Logo Questions Linux Laravel Mysql Ubuntu Git Menu
 

How to walk binary abstract syntax tree to generate infix notation with minimally correct parentheses

I am being passed a binary AST representing a math formula. Each internal node is an operator and leaf nodes are the operands. I need to walk the tree and output the formula in infix notation. This is pretty easy to do by walking the tree with a recursive algorithm such as the Print() method shows below.

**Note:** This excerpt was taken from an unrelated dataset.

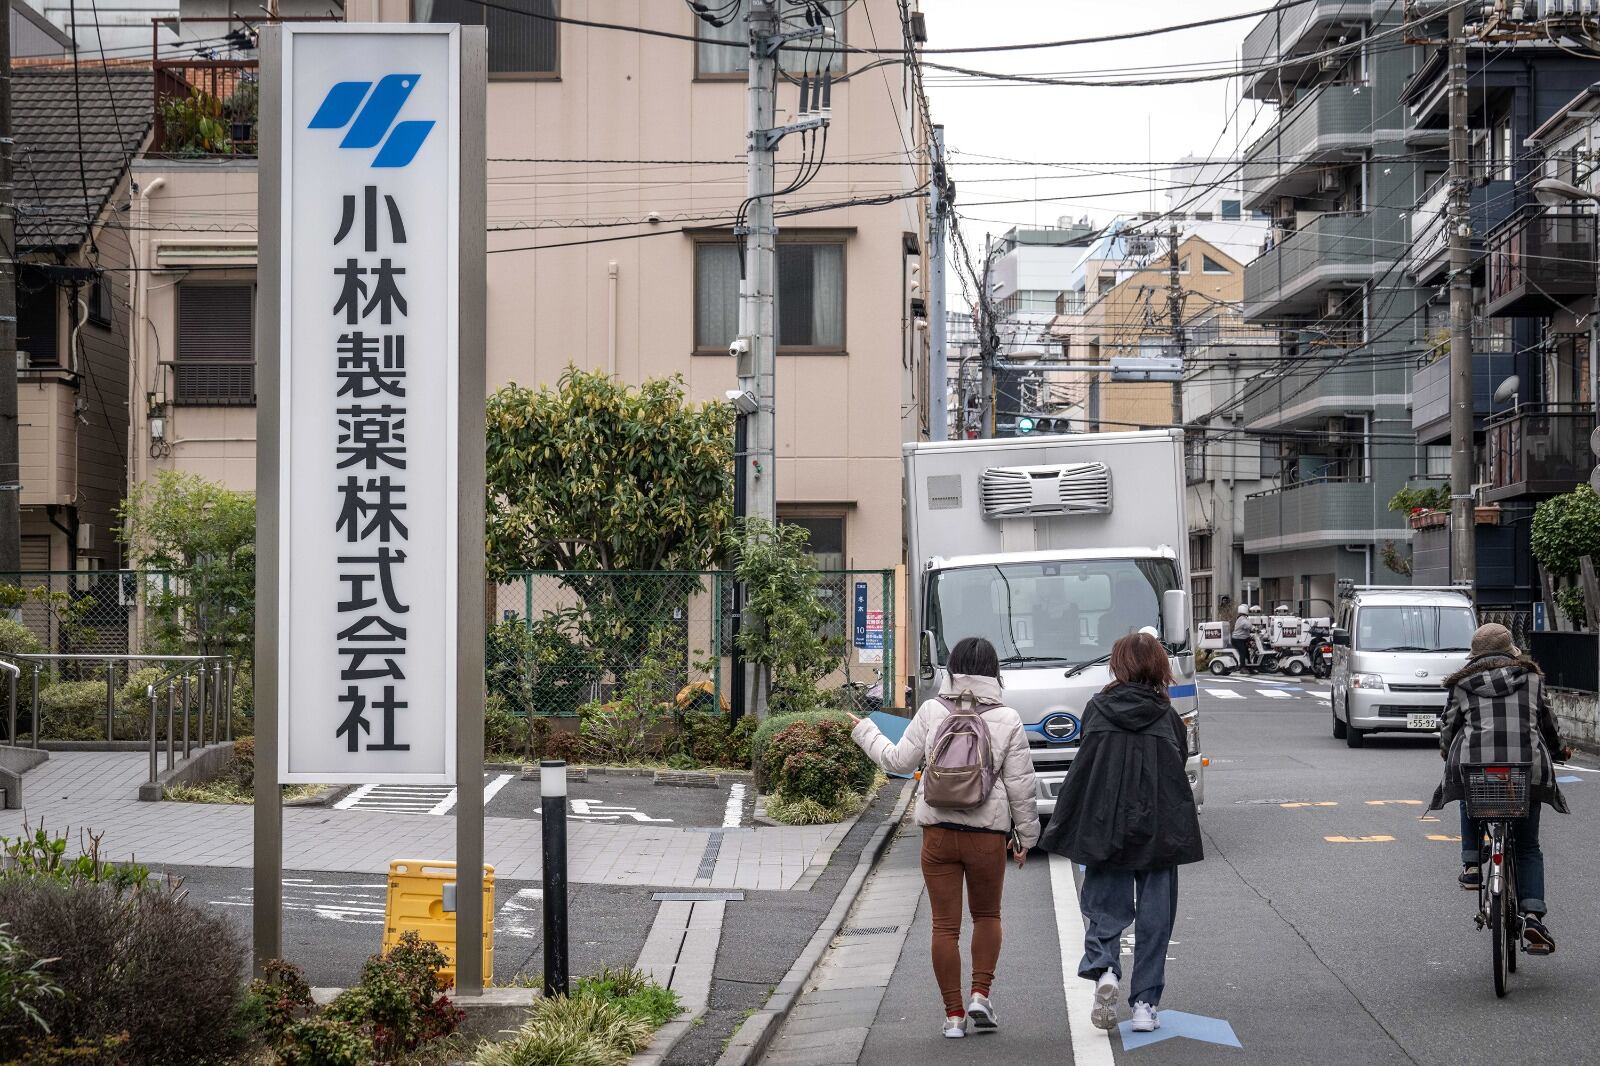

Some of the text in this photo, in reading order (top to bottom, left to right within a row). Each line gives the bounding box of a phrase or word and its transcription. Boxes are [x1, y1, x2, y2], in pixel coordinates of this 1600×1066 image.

The problem with the Print() method is that the order of operations is lost when converting to infix because no parentheses are generated.

I wrote the PrintWithParens() method which outputs a correct infix formula, however it adds extraneous parentheses. You can see in three of the four cases of my main method it adds parenthesis when none are necessary.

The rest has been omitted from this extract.